◆ **What to produce**
Your transcription must include every record word for word and no pictures.

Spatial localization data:
- Opening Delimiter -
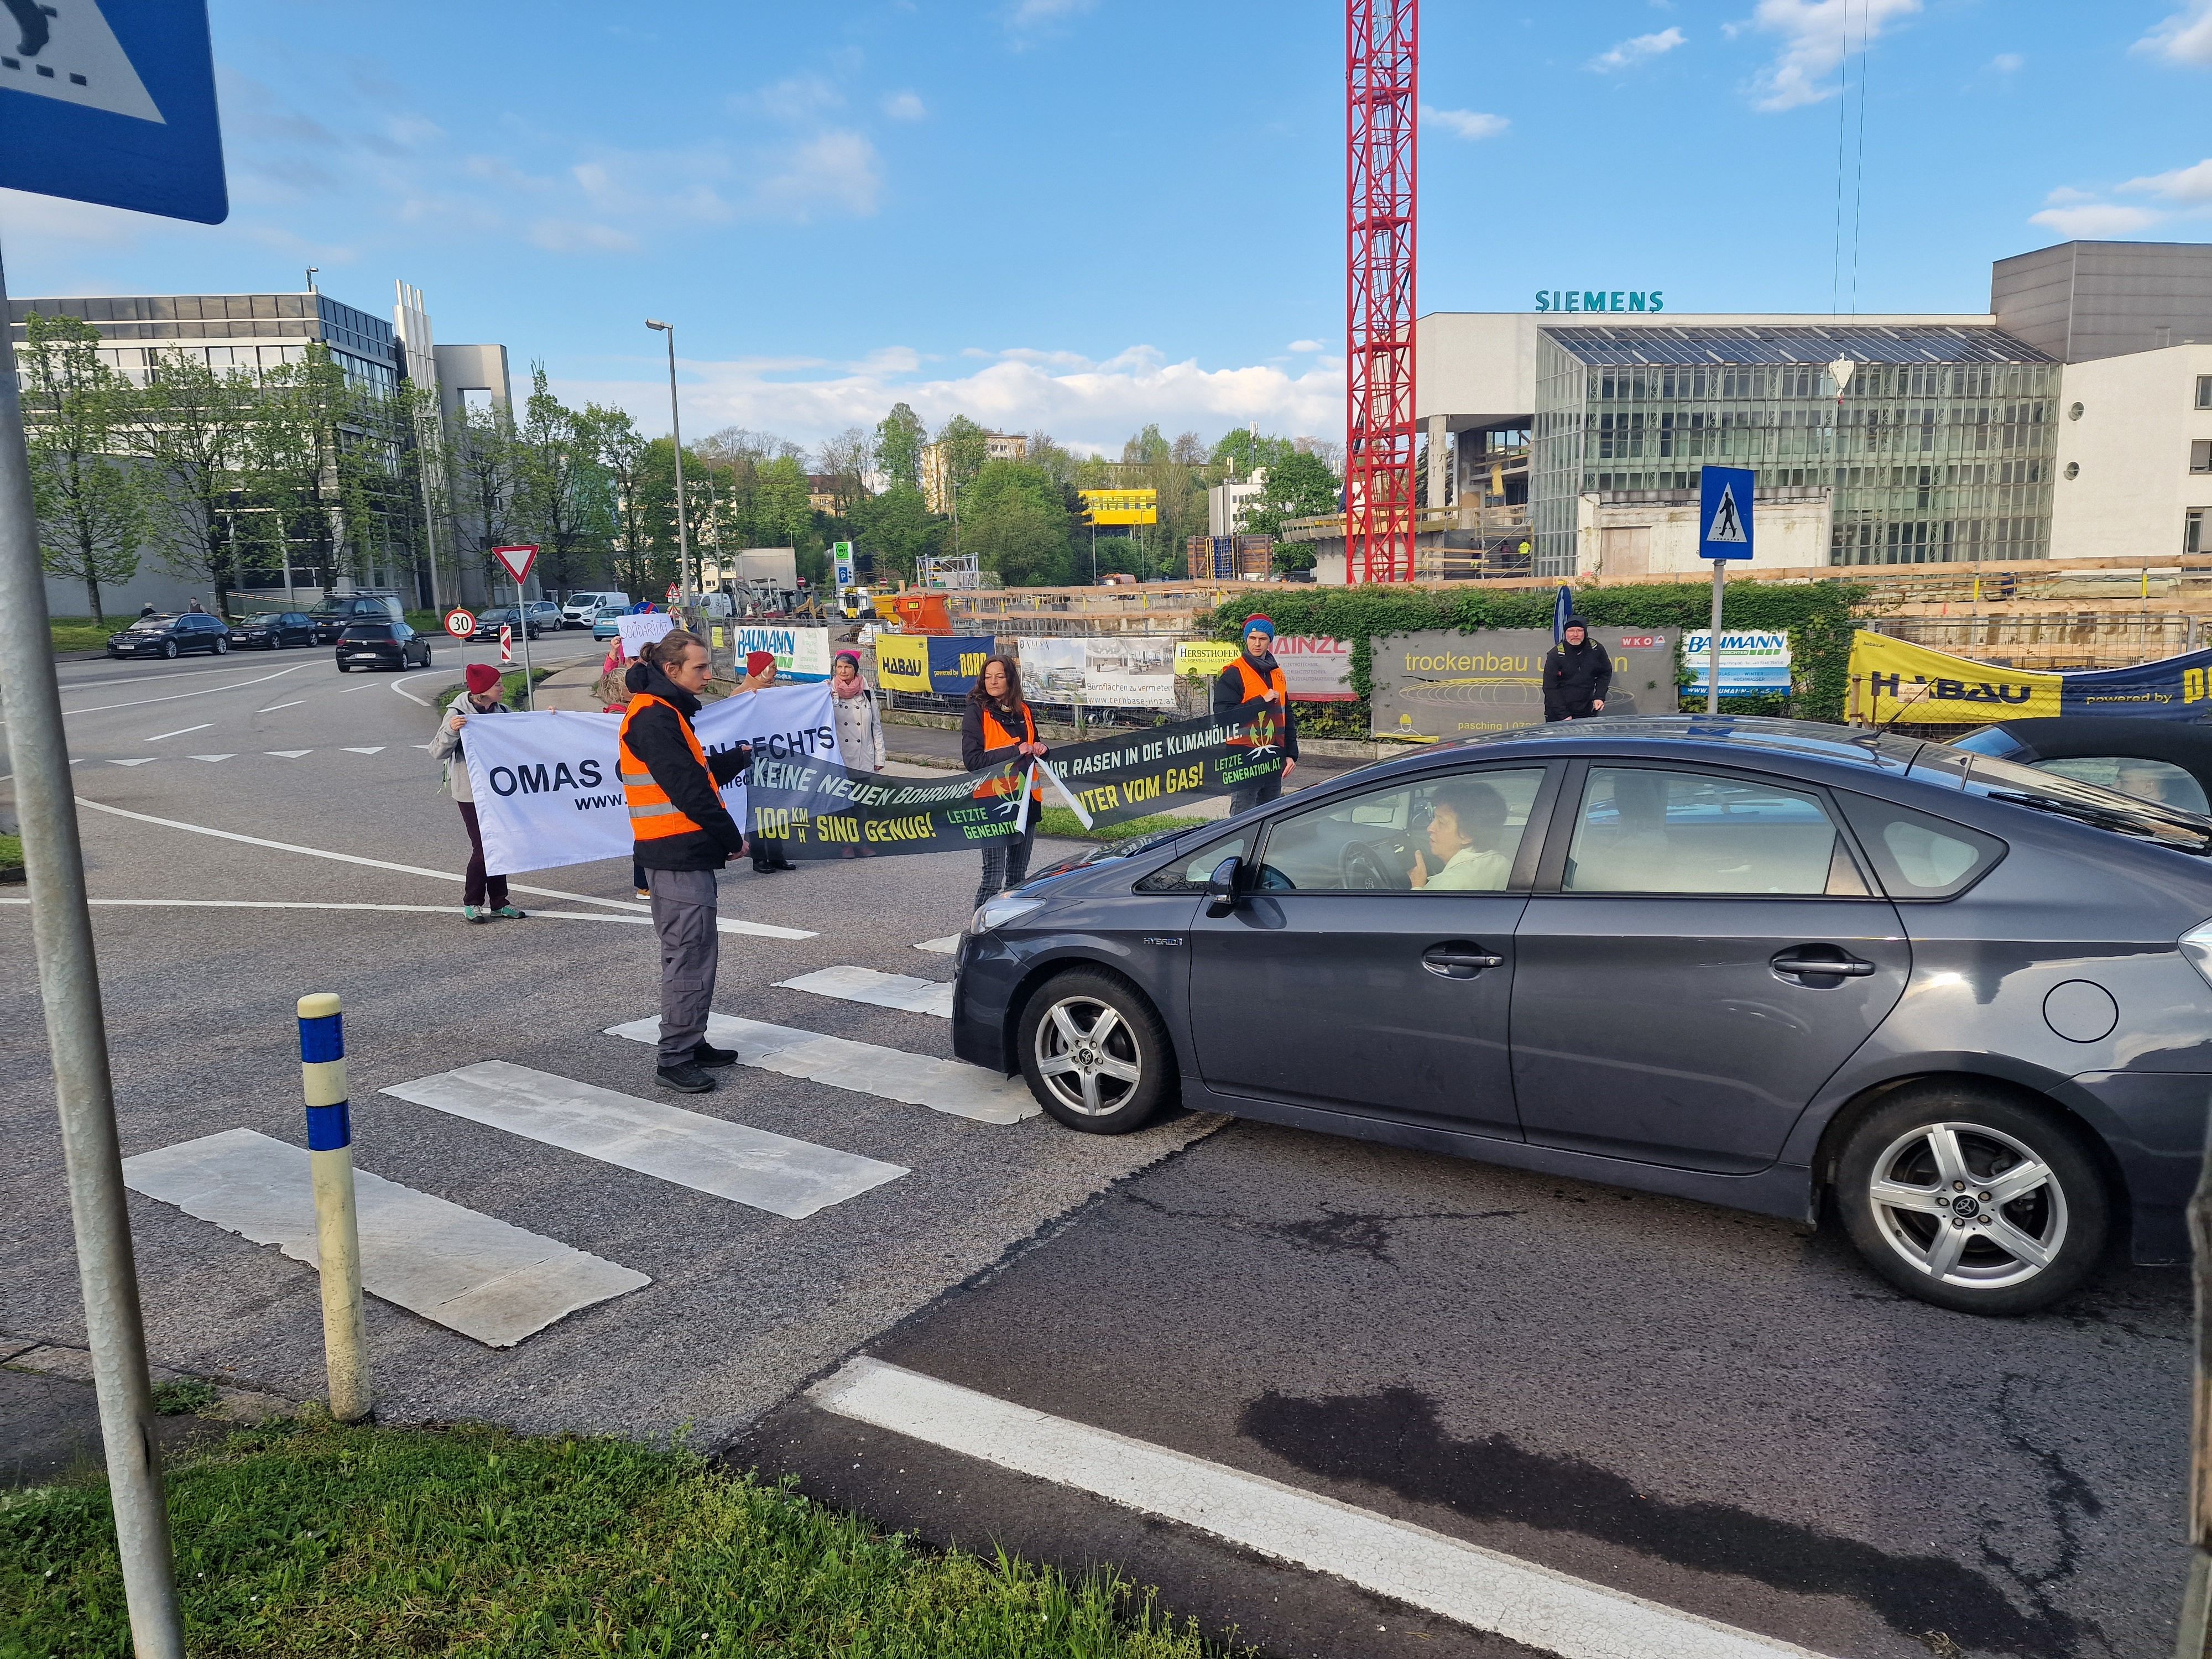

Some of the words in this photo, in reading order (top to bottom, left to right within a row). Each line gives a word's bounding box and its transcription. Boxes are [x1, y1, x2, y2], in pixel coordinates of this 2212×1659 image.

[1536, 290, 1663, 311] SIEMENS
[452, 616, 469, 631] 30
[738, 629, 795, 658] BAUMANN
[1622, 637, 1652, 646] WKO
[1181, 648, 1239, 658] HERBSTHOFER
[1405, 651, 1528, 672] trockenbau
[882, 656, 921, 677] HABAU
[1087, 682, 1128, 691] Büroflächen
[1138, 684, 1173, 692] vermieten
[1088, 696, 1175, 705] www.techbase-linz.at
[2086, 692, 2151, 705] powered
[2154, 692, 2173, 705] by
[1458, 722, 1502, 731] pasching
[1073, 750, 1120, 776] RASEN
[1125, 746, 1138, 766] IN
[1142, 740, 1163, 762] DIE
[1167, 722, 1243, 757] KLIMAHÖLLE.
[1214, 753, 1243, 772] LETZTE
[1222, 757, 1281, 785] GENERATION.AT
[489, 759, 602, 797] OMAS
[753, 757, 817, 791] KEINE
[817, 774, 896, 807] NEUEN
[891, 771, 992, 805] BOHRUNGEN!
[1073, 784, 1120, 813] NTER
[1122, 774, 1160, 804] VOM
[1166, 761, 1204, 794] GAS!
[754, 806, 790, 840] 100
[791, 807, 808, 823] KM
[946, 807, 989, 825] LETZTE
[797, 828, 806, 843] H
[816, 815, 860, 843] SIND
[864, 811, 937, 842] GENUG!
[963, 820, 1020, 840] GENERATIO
- Closing Delimiter -
◆ **Output**
Some of the words in this photo, in reading order (top to bottom, left to right within a row). Each line gives a word's bounding box and its transcription. Boxes are [x1, y1, x2, y2], in pixel coordinates of this 2212×1659 image.

[1536, 290, 1663, 311] SIEMENS
[452, 616, 469, 631] 30
[738, 629, 795, 658] BAUMANN
[1622, 637, 1652, 646] WKO
[1181, 648, 1239, 658] HERBSTHOFER
[1405, 651, 1528, 672] trockenbau
[882, 656, 921, 677] HABAU
[1087, 682, 1128, 691] Büroflächen
[1138, 684, 1173, 692] vermieten
[1088, 696, 1175, 705] www.techbase-linz.at
[2086, 692, 2151, 705] powered
[2154, 692, 2173, 705] by
[1458, 722, 1502, 731] pasching
[1073, 750, 1120, 776] RASEN
[1125, 746, 1138, 766] IN
[1142, 740, 1163, 762] DIE
[1167, 722, 1243, 757] KLIMAHÖLLE.
[1214, 753, 1243, 772] LETZTE
[1222, 757, 1281, 785] GENERATION.AT
[489, 759, 602, 797] OMAS
[753, 757, 817, 791] KEINE
[817, 774, 896, 807] NEUEN
[891, 771, 992, 805] BOHRUNGEN!
[1073, 784, 1120, 813] NTER
[1122, 774, 1160, 804] VOM
[1166, 761, 1204, 794] GAS!
[754, 806, 790, 840] 100
[791, 807, 808, 823] KM
[946, 807, 989, 825] LETZTE
[797, 828, 806, 843] H
[816, 815, 860, 843] SIND
[864, 811, 937, 842] GENUG!
[963, 820, 1020, 840] GENERATIO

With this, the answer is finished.